What the task requires
Write out each record exactly as it stands. No pictures belong in the copy.

[Referring expression grounding data]
------------------------

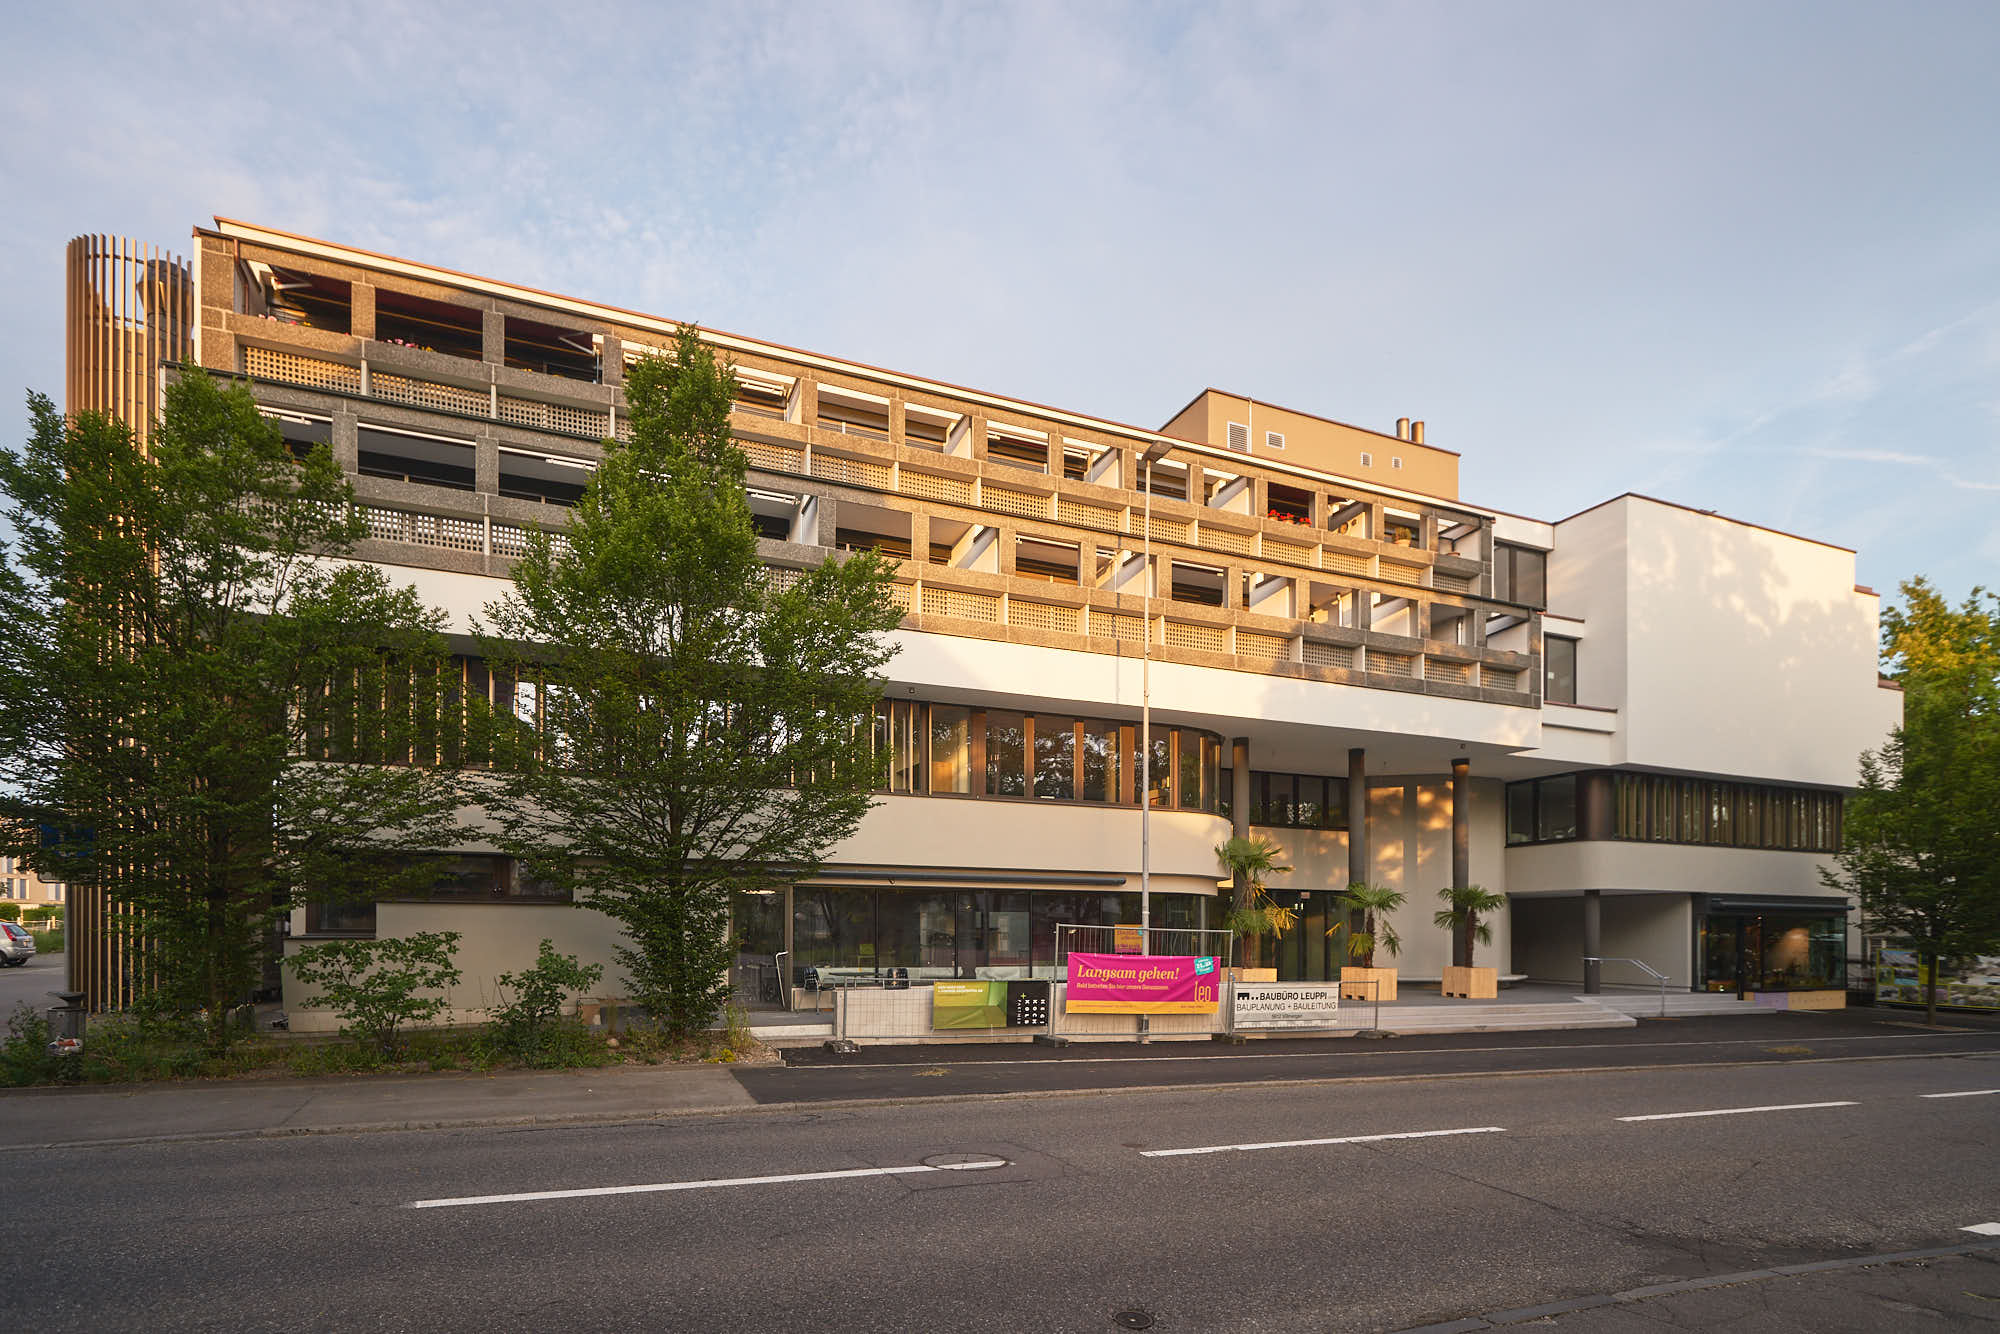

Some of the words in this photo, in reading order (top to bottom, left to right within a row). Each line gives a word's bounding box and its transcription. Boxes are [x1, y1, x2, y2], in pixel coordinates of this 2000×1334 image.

[1077, 964, 1136, 982] Langsam
[1138, 966, 1180, 982] gehen!
[1194, 981, 1211, 1002] leo
[1260, 991, 1298, 1000] BAUBÜRO
[1300, 992, 1327, 1000] LEUPPI
[1236, 1003, 1285, 1011] BAUPLANUNG
[1293, 1002, 1336, 1010] BAULEITUNG
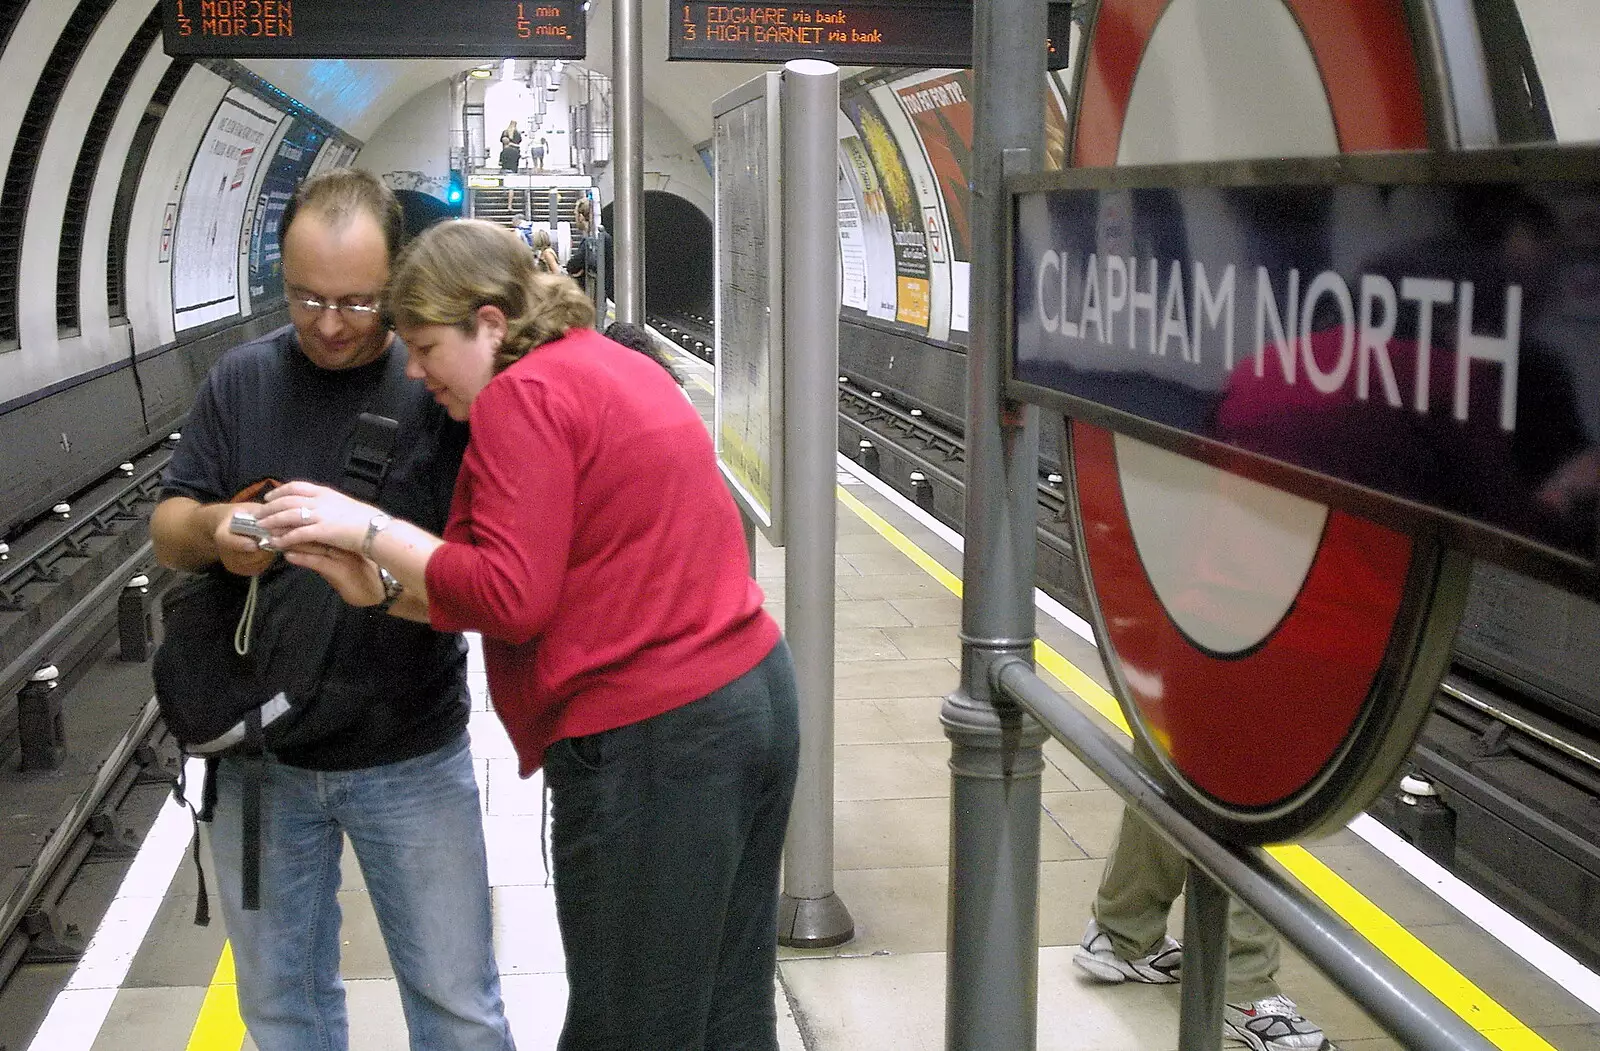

------------------------

Solved problem
Some of the words in this photo, in reading order (top to bottom, left to right within a row). Each line gives a word's bounding box and its transcription. Boxes are [x1, y1, x2, y2], in pixel coordinates of this 2000×1334 image.

[1077, 964, 1136, 982] Langsam
[1138, 966, 1180, 982] gehen!
[1194, 981, 1211, 1002] leo
[1260, 991, 1298, 1000] BAUBÜRO
[1300, 992, 1327, 1000] LEUPPI
[1236, 1003, 1285, 1011] BAUPLANUNG
[1293, 1002, 1336, 1010] BAULEITUNG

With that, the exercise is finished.